Day’s Masters Status Remains Up in the Air

 

It’s been an emotional week for Jason Day and his family. Just moments after withdrawing from the WGC-Dell Match Play last Wednesday, Day stepped into the media center and shared with the world that his mother was battling cancer. Since her surgery on Friday the prognosis has been positive, however, Day’s playing schedule, including his plans for the Masters are still up in the air. While he expects to travel to Augusta on Friday to prep for the year’s first major, teeing it up on that Thursday will be a game-time decision. 

“Obviously, I’m still nervous because we’re still waiting to see … if it has spread or not,” said Day, who spoke Monday by video conference set up by organizers of the PGA Tour’s Zurich Classic according to an AP report. “From there, we have to kind of come up with a game plan whether to go chemo – a form of chemo radiation – or something else.

“It’s still kind of a bit of an emotional time for me,” added Day, whose father died of cancer when he was 12. ‘”Obviously, I’ve been hanging out with my mom a bit and seeing her and she’s recovering well. She’s a tough lady, but it’s hard because I look at her and she’s on the pain killers and all that stuff, what she needs to do to recover.

“But I can’t help but think of my dad when I see her in that situation because when they go through such a traumatic surgery like that it just can be tough.”

 

Day said Monday that doctors deemed the surgery successful, and now the family awaits results of tests to see if the cancer still remains.

“My mom told me not to worry about it,” Day said. “It’s hard to do that. It’s easy to say … but it’s really, really difficult. So currently I’m scheduled to play Augusta … but if things don’t come back the way we want them, I don’t know what’s going to happen.”

Day said he “hasn’t touched a golf club at all”  since joining his mother in Ohio last week after his WGC WD.

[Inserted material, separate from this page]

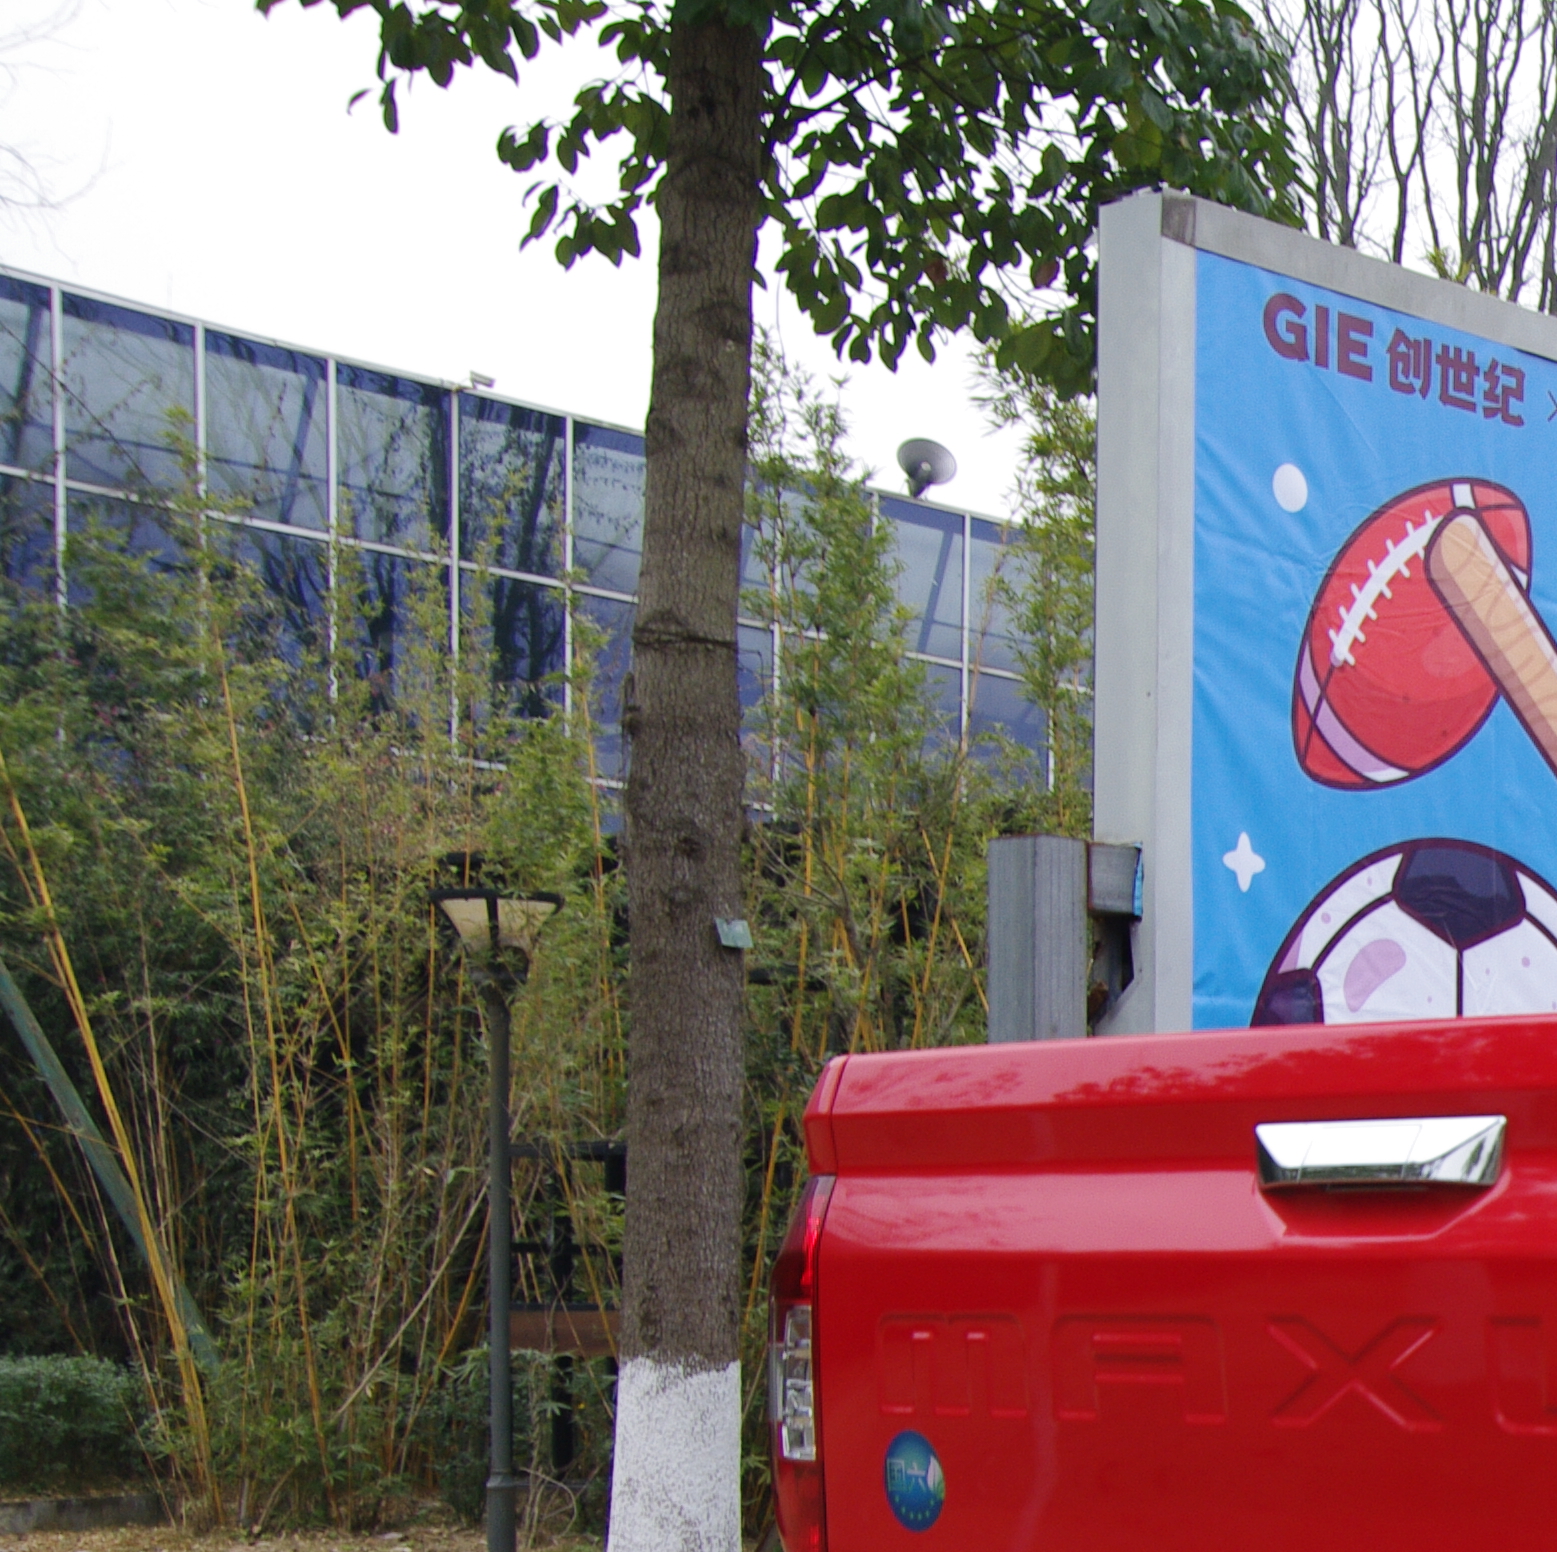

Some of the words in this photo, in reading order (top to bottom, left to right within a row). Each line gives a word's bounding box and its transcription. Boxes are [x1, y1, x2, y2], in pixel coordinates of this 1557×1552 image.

[1262, 291, 1375, 382] GIE
[1386, 326, 1526, 427] 创世纪

“It’s very, very difficult to even think about playing golf when a loved one is going through such a traumatic experience,” Day said. “Once I get past this initial stage, hopefully I’ll find some balance and I’ll be able to kind of move on and really focus on getting my game back.

“Unfortunately, I’m human. I like to feel like I’m always on it, I’m always … ready to go and trying to compete and I want to get back to that stage but sometimes it’s very, very difficult.”